--- YOUR INSTRUCTIONS ---
Pictures are to be left out; every line from the one that holds "this 1920×1080 image." to the end of the data is to be retyped exactly.
- - - -
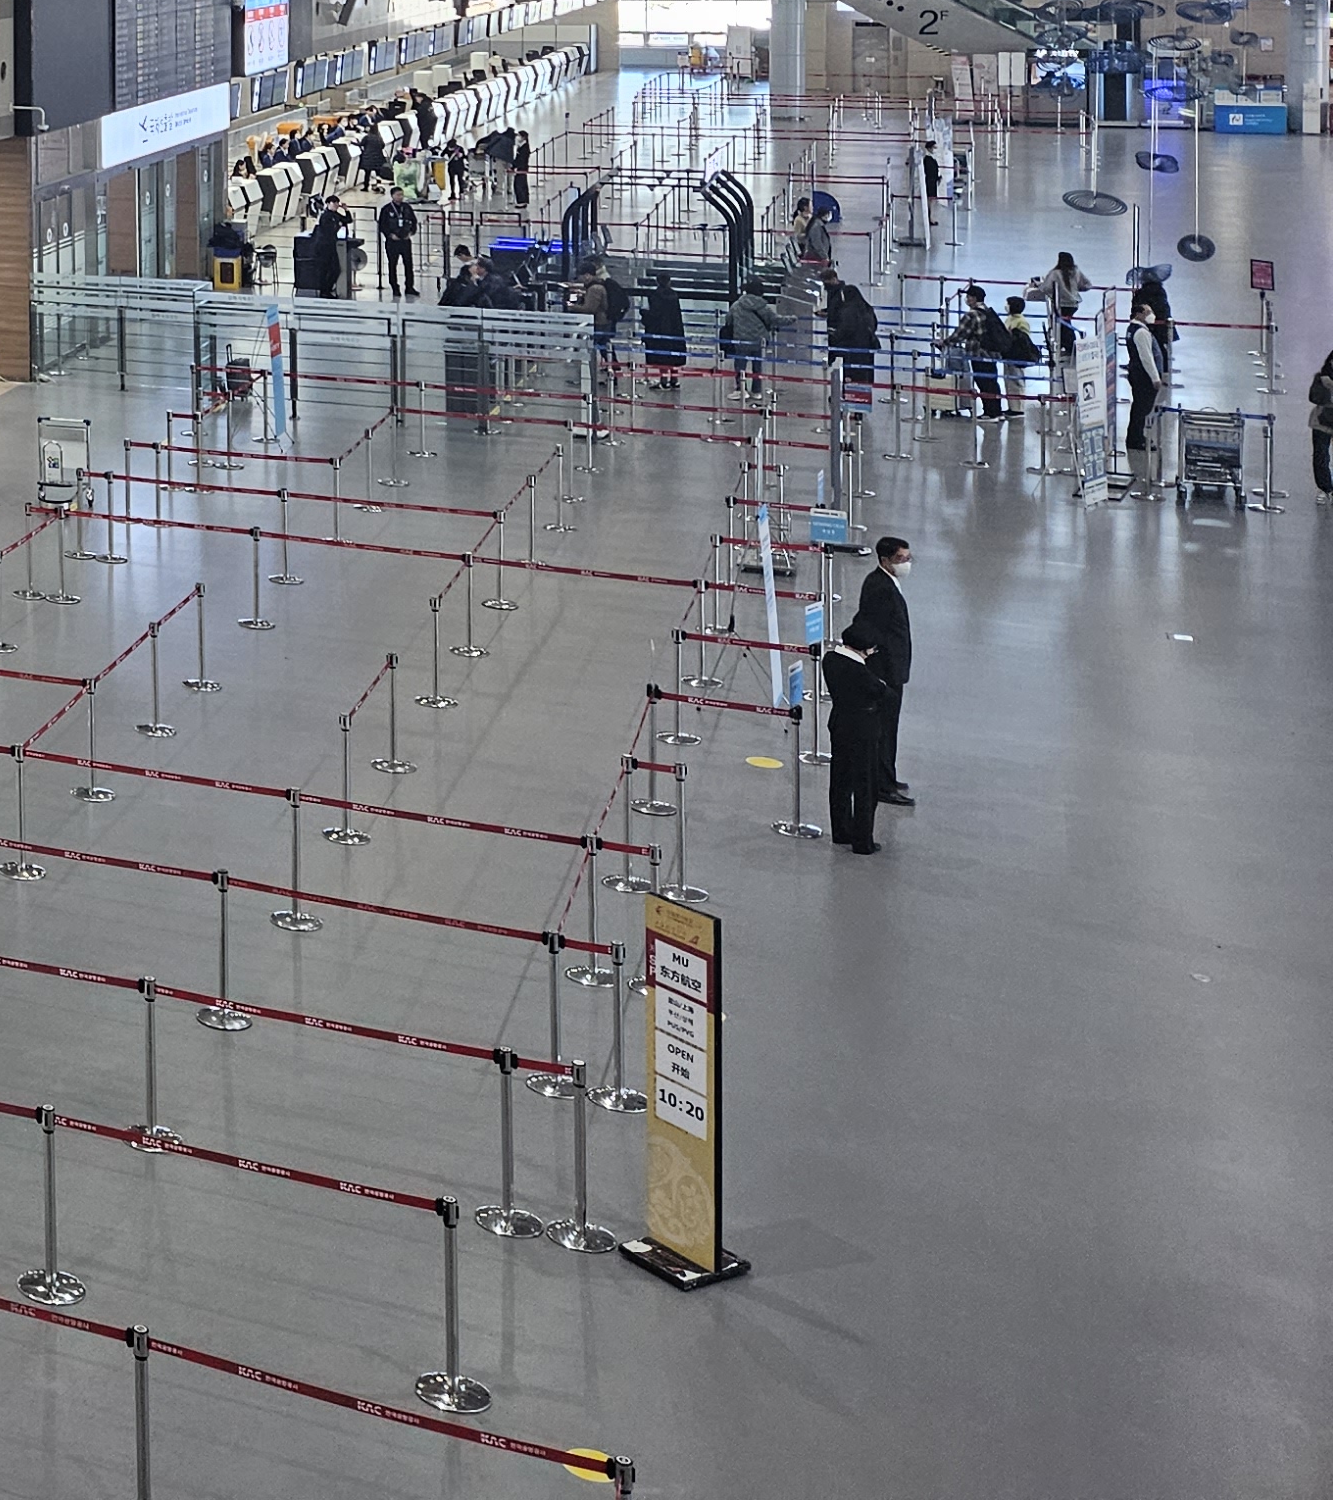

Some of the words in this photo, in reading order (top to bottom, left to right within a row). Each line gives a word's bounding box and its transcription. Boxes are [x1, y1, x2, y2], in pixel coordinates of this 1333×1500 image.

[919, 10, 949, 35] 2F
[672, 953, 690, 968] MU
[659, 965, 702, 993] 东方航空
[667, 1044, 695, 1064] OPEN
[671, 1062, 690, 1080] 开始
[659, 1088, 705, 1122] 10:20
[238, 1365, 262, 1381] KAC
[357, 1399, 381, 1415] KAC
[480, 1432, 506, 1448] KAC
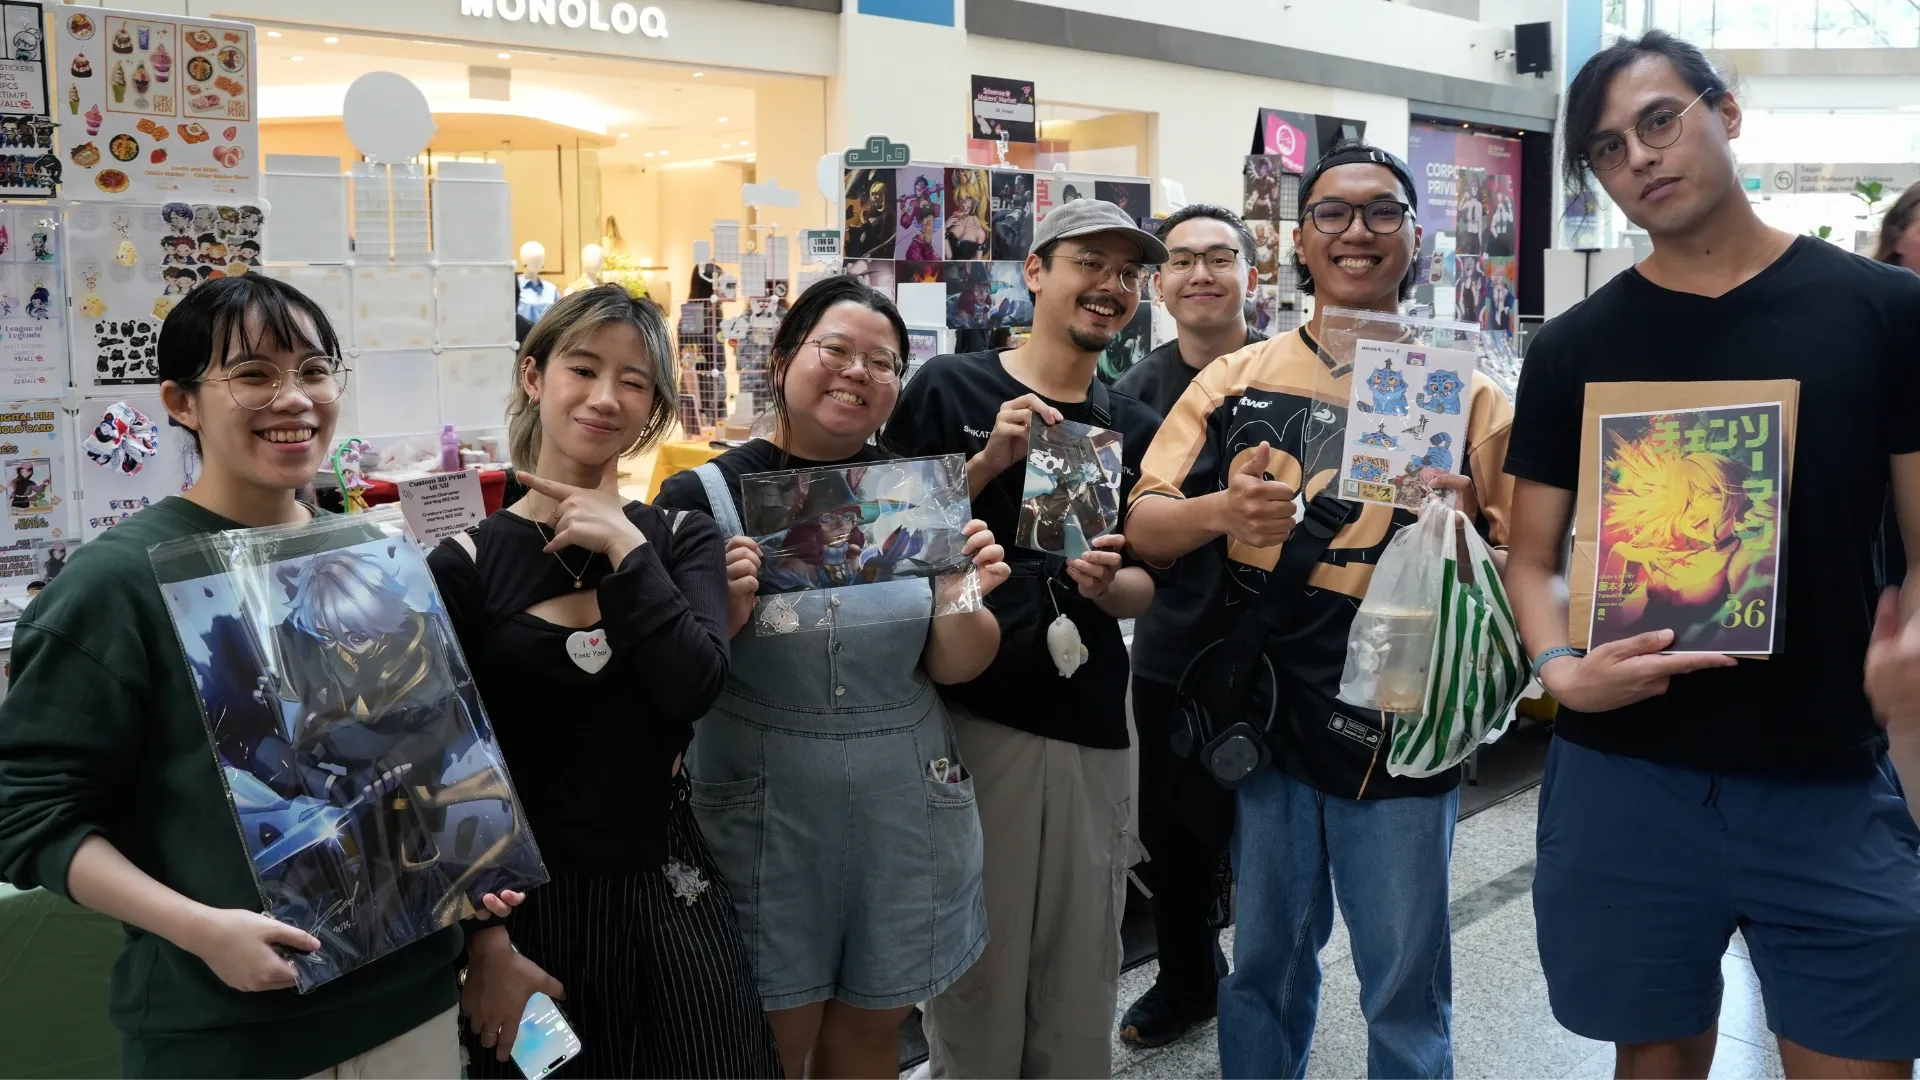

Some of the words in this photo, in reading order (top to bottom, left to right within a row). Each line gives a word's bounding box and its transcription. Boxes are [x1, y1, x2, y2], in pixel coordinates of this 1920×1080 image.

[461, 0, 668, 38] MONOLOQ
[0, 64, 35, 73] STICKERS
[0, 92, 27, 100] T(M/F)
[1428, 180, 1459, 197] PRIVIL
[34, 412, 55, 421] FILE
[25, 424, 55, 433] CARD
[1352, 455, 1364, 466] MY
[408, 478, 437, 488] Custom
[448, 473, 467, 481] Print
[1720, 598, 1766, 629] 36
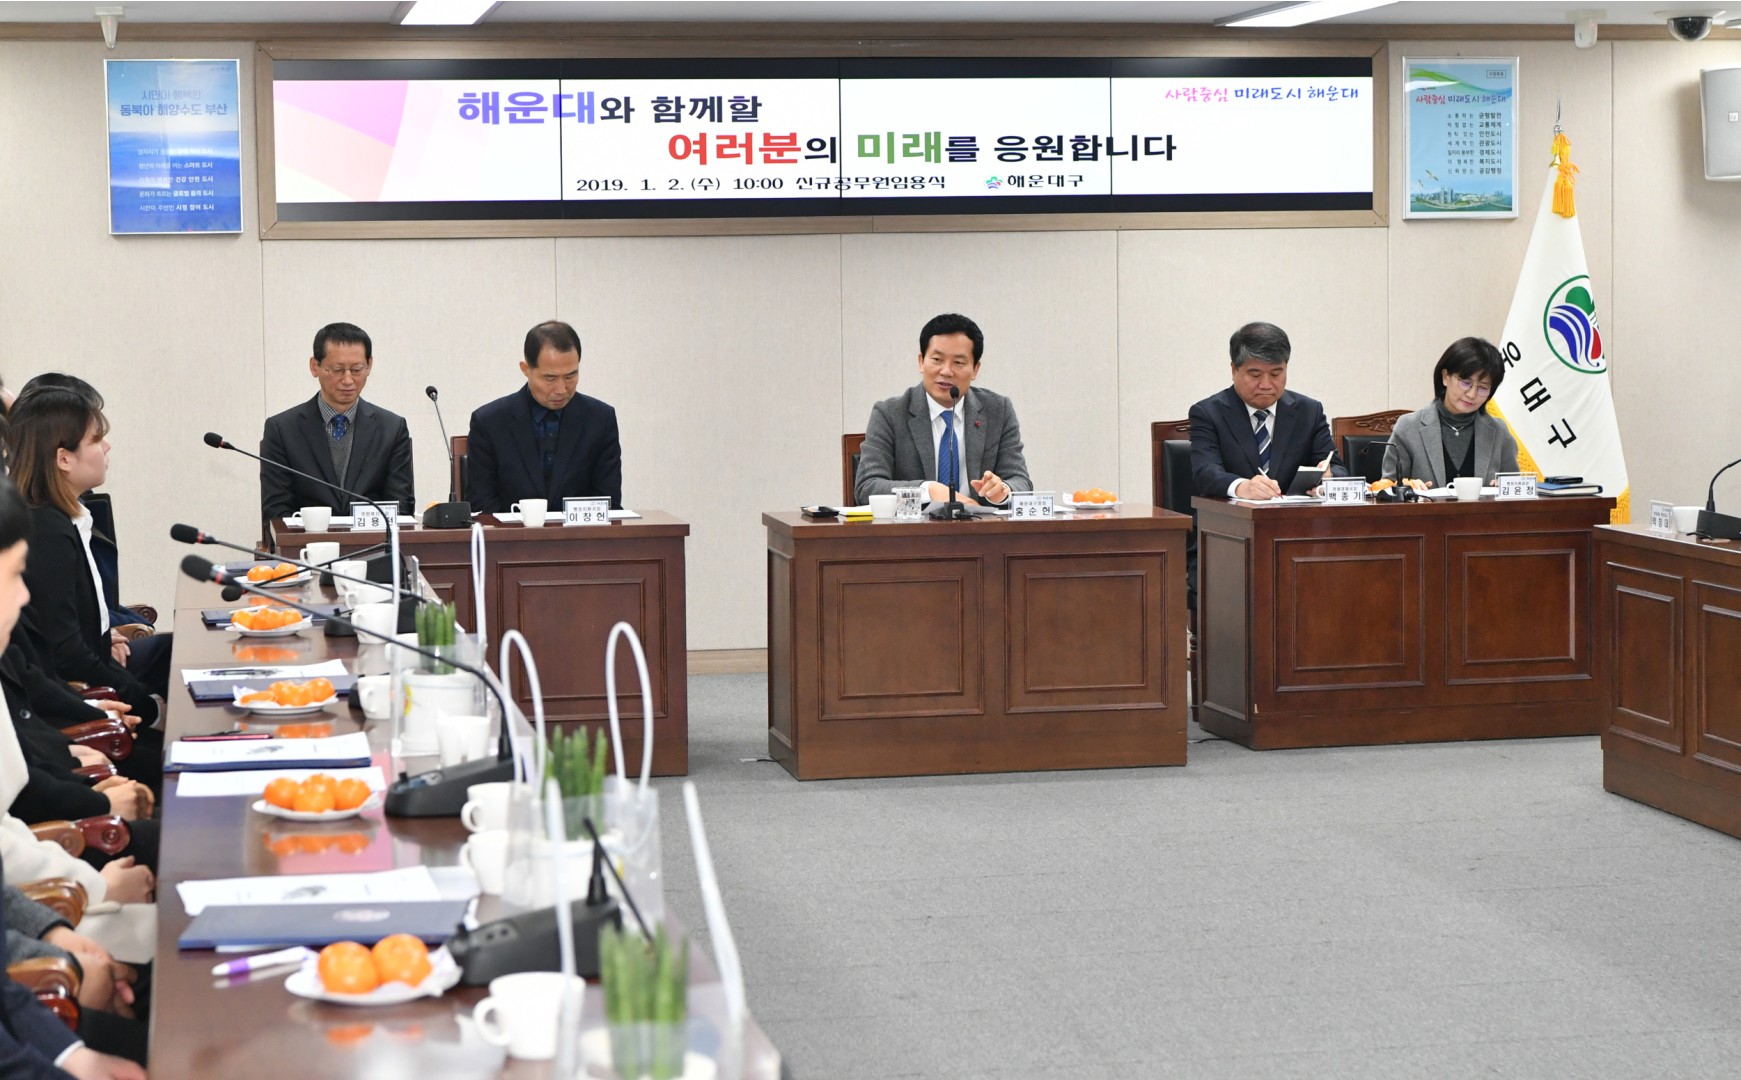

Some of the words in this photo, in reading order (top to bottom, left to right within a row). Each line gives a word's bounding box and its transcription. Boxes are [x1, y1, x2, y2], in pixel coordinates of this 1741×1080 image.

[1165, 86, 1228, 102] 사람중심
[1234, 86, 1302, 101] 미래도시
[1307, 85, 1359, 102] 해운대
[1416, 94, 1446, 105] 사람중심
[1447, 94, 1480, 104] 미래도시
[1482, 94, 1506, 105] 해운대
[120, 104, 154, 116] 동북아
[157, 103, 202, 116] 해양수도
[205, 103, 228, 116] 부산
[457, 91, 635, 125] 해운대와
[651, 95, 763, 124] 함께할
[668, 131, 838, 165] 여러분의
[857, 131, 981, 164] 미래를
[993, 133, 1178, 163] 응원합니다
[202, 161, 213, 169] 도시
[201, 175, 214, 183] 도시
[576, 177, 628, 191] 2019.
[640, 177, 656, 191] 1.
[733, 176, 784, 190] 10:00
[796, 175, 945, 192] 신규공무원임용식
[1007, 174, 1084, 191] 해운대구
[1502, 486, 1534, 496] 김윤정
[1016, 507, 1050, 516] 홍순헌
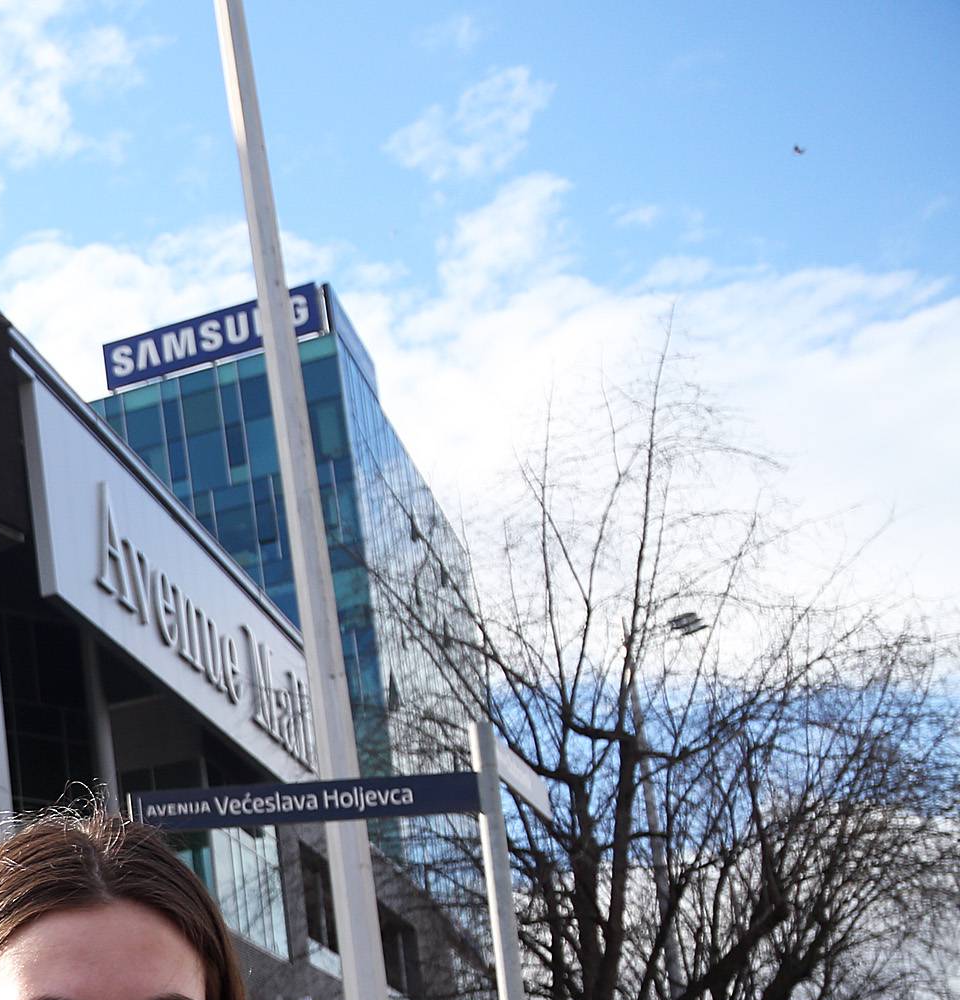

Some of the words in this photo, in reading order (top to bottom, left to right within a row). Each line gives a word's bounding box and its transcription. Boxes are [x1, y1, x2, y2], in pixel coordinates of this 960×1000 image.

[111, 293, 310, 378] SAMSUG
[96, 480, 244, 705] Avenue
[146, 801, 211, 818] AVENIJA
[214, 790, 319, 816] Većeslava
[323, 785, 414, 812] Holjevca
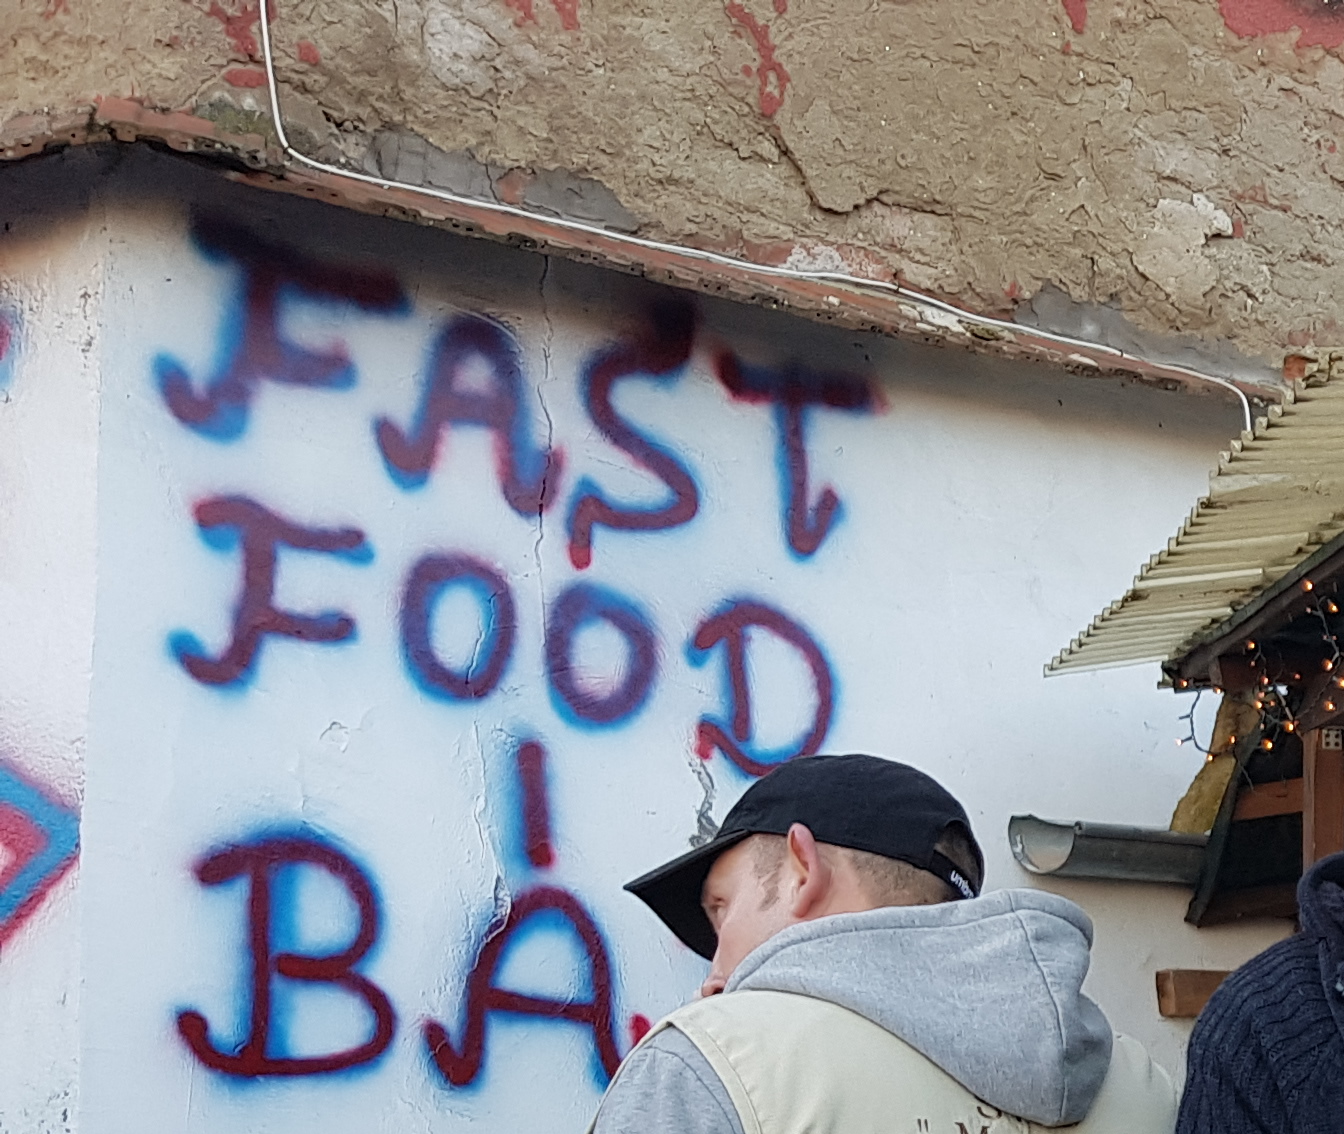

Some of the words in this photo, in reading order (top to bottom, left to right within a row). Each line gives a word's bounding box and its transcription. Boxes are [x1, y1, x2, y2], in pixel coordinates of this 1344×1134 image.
- - - -
--- PROBLEM SOLUTION ---
Some of the words in this photo, in reading order (top to bottom, left to right within a row). Each line gives a word's bounding box and its transcription. Boxes are [x1, y1, x2, y2], in pixel coordinates of this 1920×1080 image.

[461, 0, 668, 38] MONOLOQ
[0, 64, 35, 73] STICKERS
[0, 92, 27, 100] T(M/F)
[1428, 180, 1459, 197] PRIVIL
[34, 412, 55, 421] FILE
[25, 424, 55, 433] CARD
[1352, 455, 1364, 466] MY
[408, 478, 437, 488] Custom
[448, 473, 467, 481] Print
[1720, 598, 1766, 629] 36

Some of the words in this photo, in reading order (top to bottom, left to right within a row). Each line gives a word's bounding box and its transcription. Boxes are [x1, y1, x2, y2], in pixel coordinates of this 1741×1080 image.

[1165, 86, 1228, 102] 사람중심
[1234, 86, 1302, 101] 미래도시
[1307, 85, 1359, 102] 해운대
[1416, 94, 1446, 105] 사람중심
[1447, 94, 1480, 104] 미래도시
[1482, 94, 1506, 105] 해운대
[120, 104, 154, 116] 동북아
[157, 103, 202, 116] 해양수도
[205, 103, 228, 116] 부산
[457, 91, 635, 125] 해운대와
[651, 95, 763, 124] 함께할
[668, 131, 838, 165] 여러분의
[857, 131, 981, 164] 미래를
[993, 133, 1178, 163] 응원합니다
[202, 161, 213, 169] 도시
[201, 175, 214, 183] 도시
[576, 177, 628, 191] 2019.
[640, 177, 656, 191] 1.
[733, 176, 784, 190] 10:00
[796, 175, 945, 192] 신규공무원임용식
[1007, 174, 1084, 191] 해운대구
[1502, 486, 1534, 496] 김윤정
[1016, 507, 1050, 516] 홍순헌

Some of the words in this photo, in reading order (top to bottom, left to right within a row). Each line gives a word's bounding box and its transcription. Boxes are [x1, y1, x2, y2], in pixel coordinates of this 960×1000 image.

[111, 293, 310, 378] SAMSUG
[96, 480, 244, 705] Avenue
[146, 801, 211, 818] AVENIJA
[214, 790, 319, 816] Većeslava
[323, 785, 414, 812] Holjevca

Some of the words in this photo, in reading order (top to bottom, left to right within a row). Each line gives a word's bounding box and its transcription. Boxes are [x1, y1, x2, y2], in pixel coordinates of this 1344×1134 image.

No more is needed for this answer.